In the fall of 1914 I was stricken with what the doctors called heart trouble. After doctoring a while and getting worse, I tried to use Christian Science and medicine together; but this failed to do any good. I kept this up until I was too weak to feed myself and the doctor gave me but a short time to live. Then I decided to quit medicine and give Christian Science a fair trial. Two weeks after deciding to use Christian Science only, I was up and around. My complete healing, however, was slow. I am glad of that, for it compelled me to study earnestly and strive hard to practice what I had learned.
I am grateful for the healing of discouragement. One day I was feeling discouraged because of my slow progress. I told the practitioner I had been studying Christian Science for six months, but did not know any more about it now than the day I began, and I did not believe I could ever learn. She answered: "Do you know what discouragement stands for? It stands for faith in evil." I saw I had been giving magnified power to evil, thus worshiping it. When I learned the truth about my heart, all fear vanished and I was healed. In the examination for the first draft of 1917, my heart was pronounced normal.

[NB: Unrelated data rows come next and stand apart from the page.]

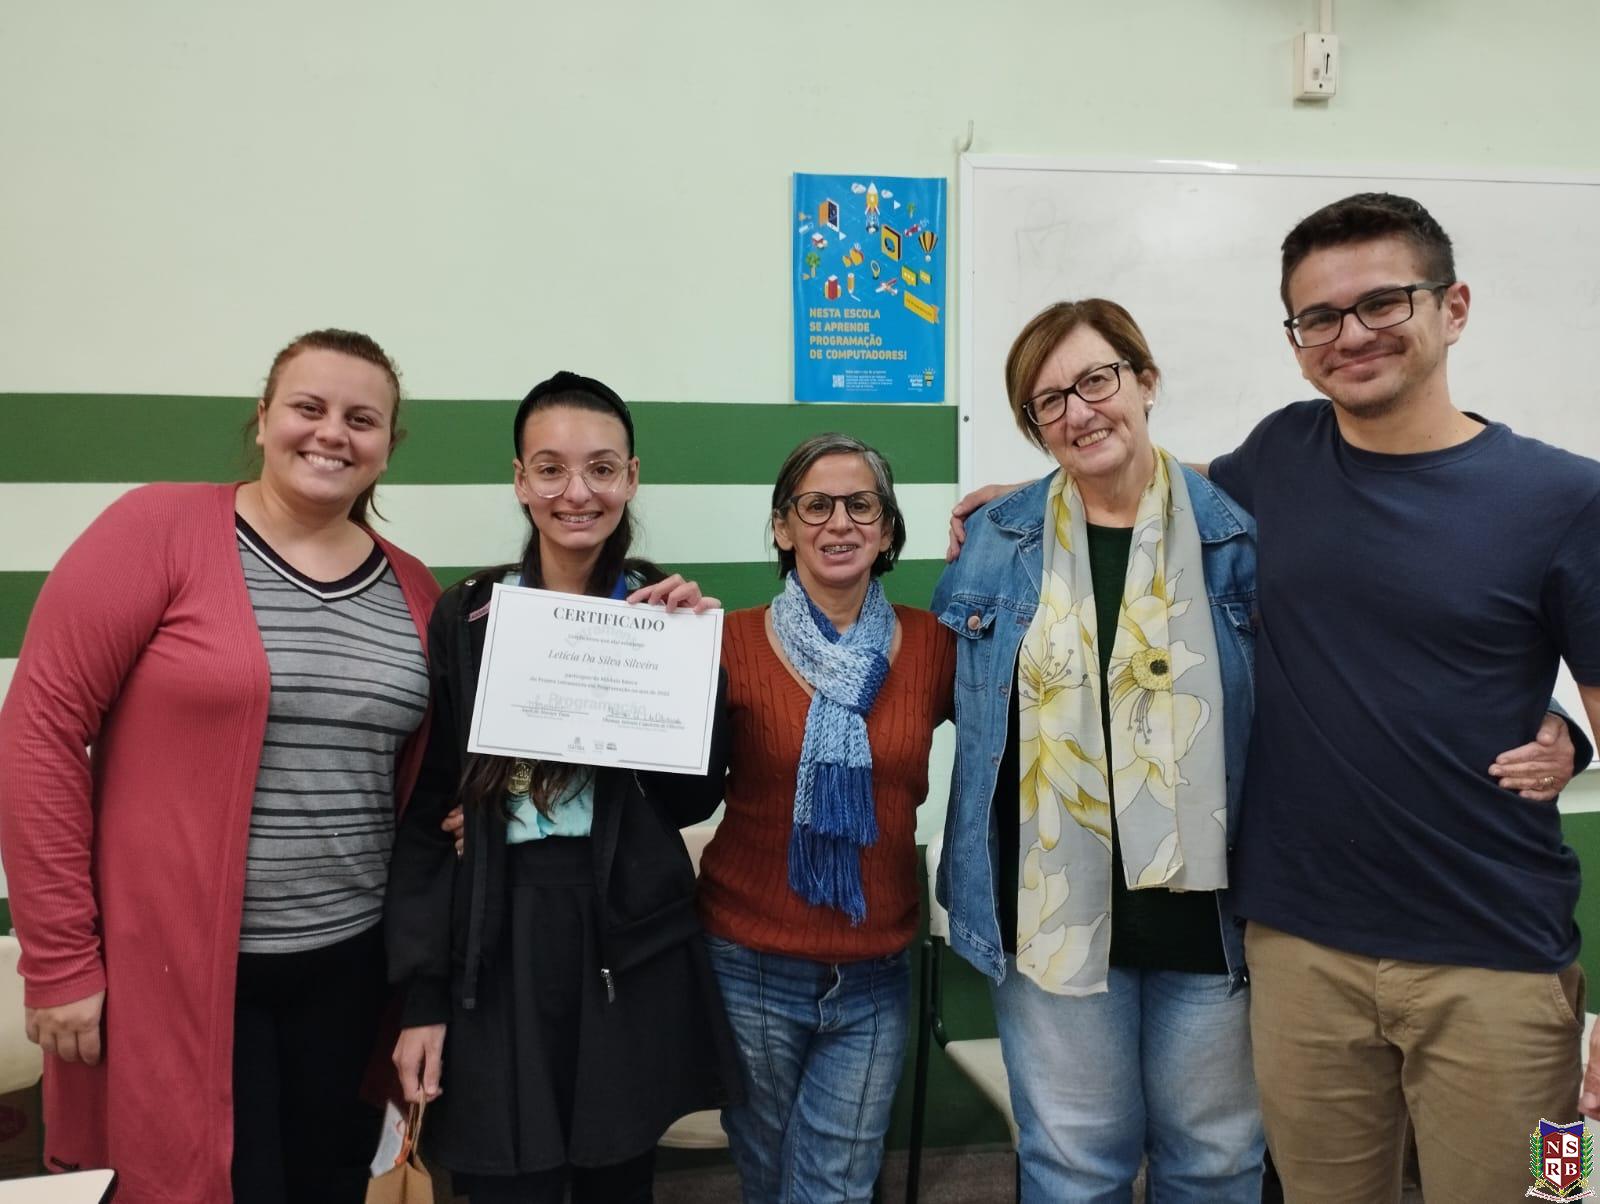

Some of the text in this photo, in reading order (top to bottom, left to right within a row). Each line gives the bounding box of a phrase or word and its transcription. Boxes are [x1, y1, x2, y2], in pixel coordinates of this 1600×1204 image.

[809, 308, 881, 319] NESTA ESCOLA
[809, 321, 870, 332] SE APRENDE
[809, 334, 882, 348] PROGRAMAÇÃO
[809, 349, 907, 361] DE COMPUTADORES!
[553, 606, 665, 632] CERTIFICADO
[582, 652, 595, 663] Da
[597, 654, 621, 667] Silva
[623, 657, 659, 671] Silveira
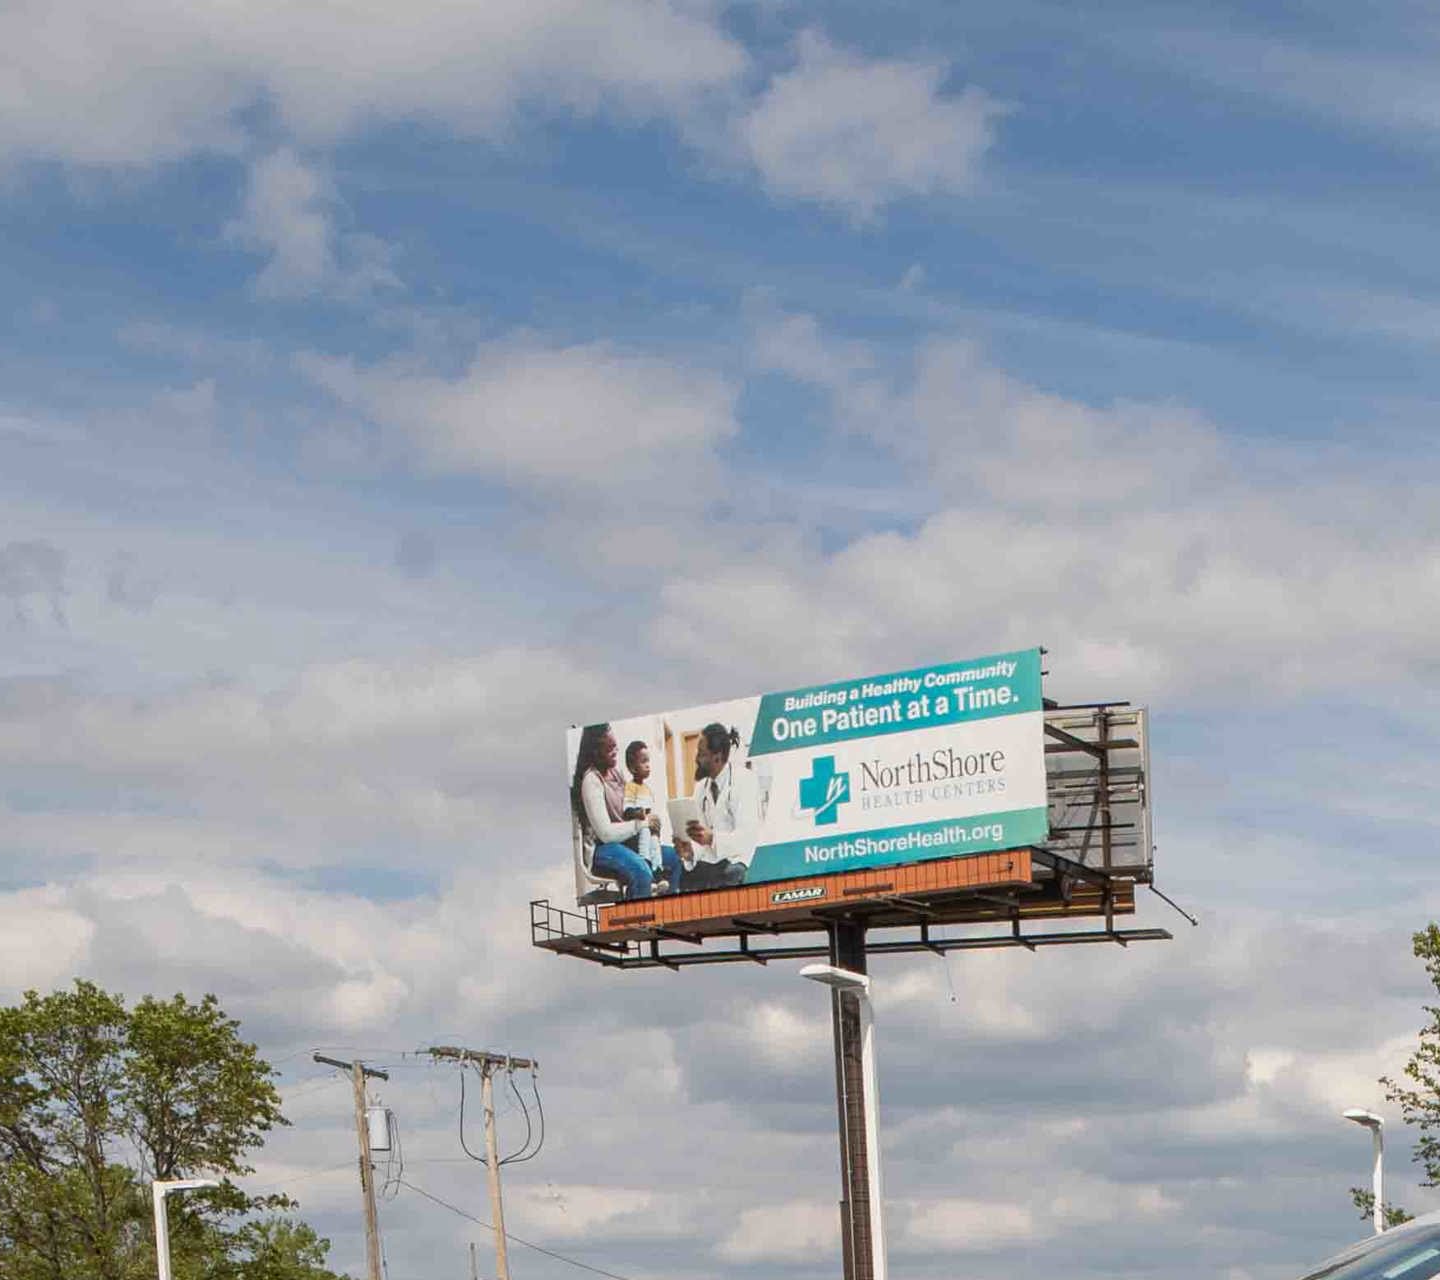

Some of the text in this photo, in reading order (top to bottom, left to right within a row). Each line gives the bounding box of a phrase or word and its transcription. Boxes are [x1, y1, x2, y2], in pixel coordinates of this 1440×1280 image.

[784, 660, 1018, 712] Building a Healthy Community
[772, 685, 1019, 741] One Patient at a Time.
[860, 747, 1006, 791] NorthShore
[862, 778, 1007, 811] HEALTH CENTERS
[804, 823, 1004, 864] NorthShoreHealth.org
[774, 888, 824, 902] LAMAR
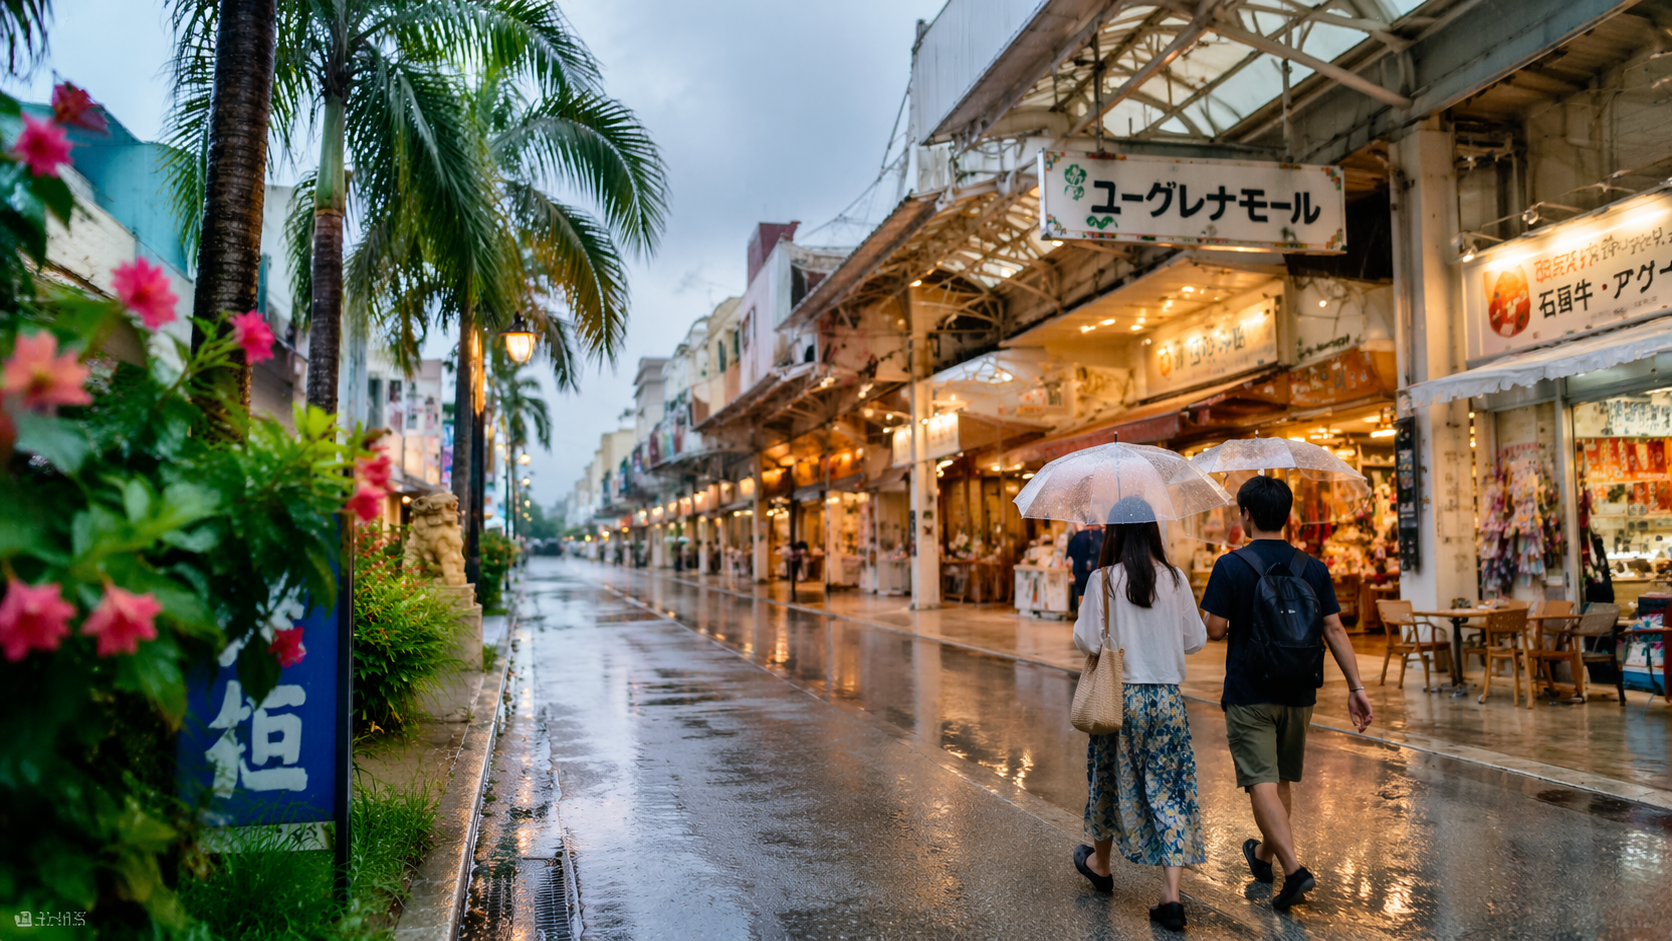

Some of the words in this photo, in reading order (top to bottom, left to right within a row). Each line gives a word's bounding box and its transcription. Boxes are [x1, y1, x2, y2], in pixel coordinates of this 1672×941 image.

[1091, 180, 1321, 225] ユーグレナモール
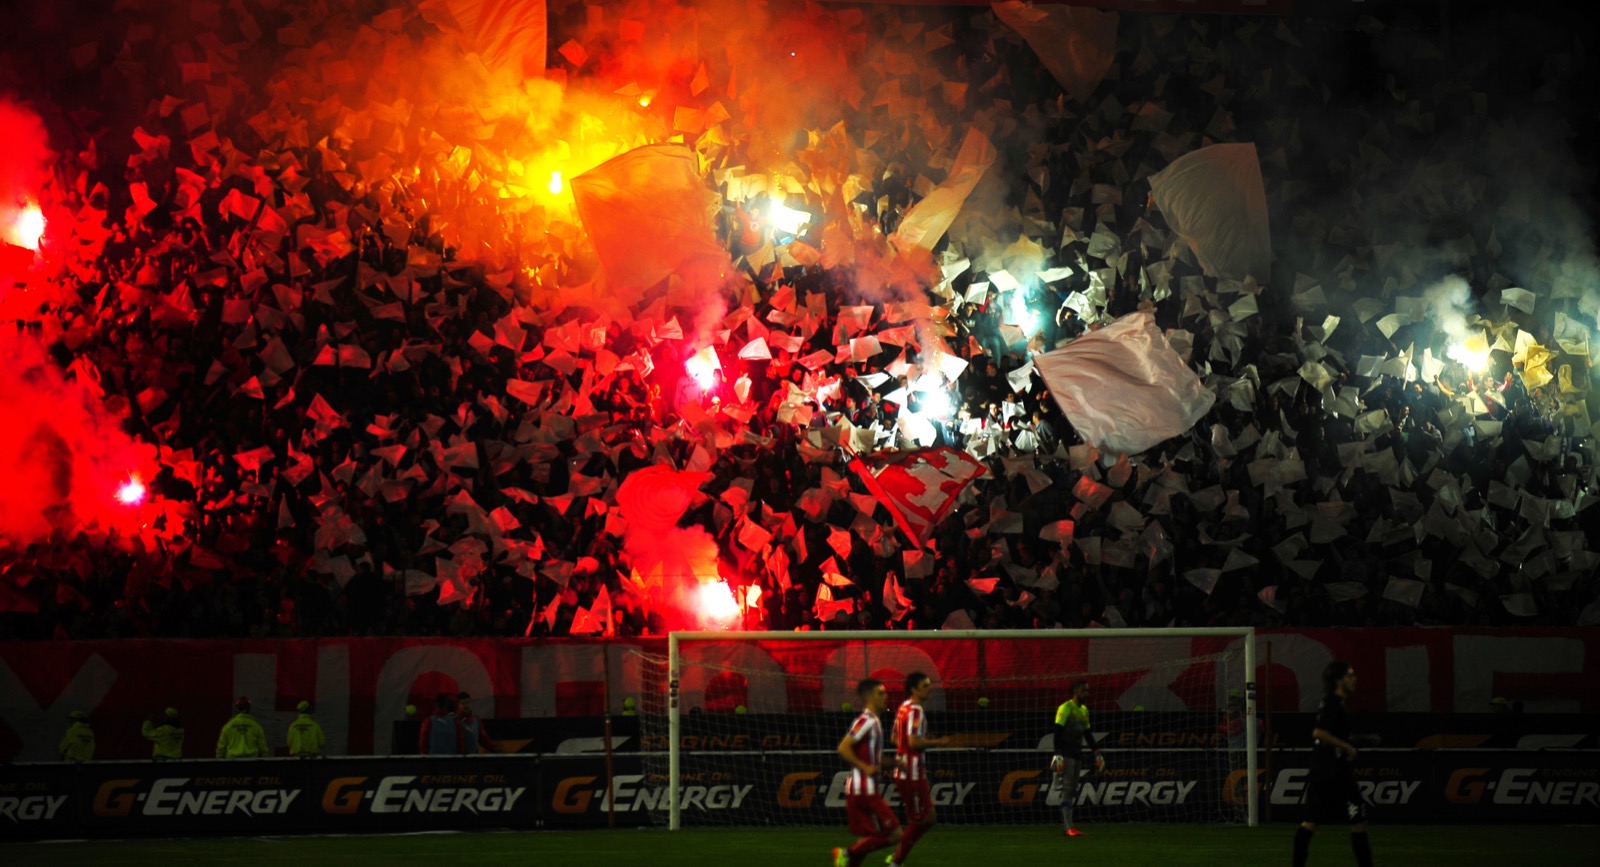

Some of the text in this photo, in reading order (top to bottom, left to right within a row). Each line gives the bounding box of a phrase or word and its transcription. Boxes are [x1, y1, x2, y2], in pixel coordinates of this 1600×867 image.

[762, 734, 809, 749] OIL
[195, 776, 282, 786] ENGINE OIL
[421, 773, 508, 784] ENGINE OIL
[648, 771, 706, 782] ENINE
[1444, 768, 1600, 809] G-ENER

Christian Science was a great help to me while training in camps in the United States. During the winter of 1917-18 my feet were wet nearly every day. Some days I waded to school through snow and water knee deep, and sat for half a day, wet above the knees, in a room so cold that the water in the fire buckets was frozen solid. During eighteen months in the army I never lost a day because of illness, and my name was never written on the sick report. On our return from overseas the sea was very rough and we faced one storm after another. I was quickly healed of a slight attack of seasickness, and was one of the few soldiers able to work every day.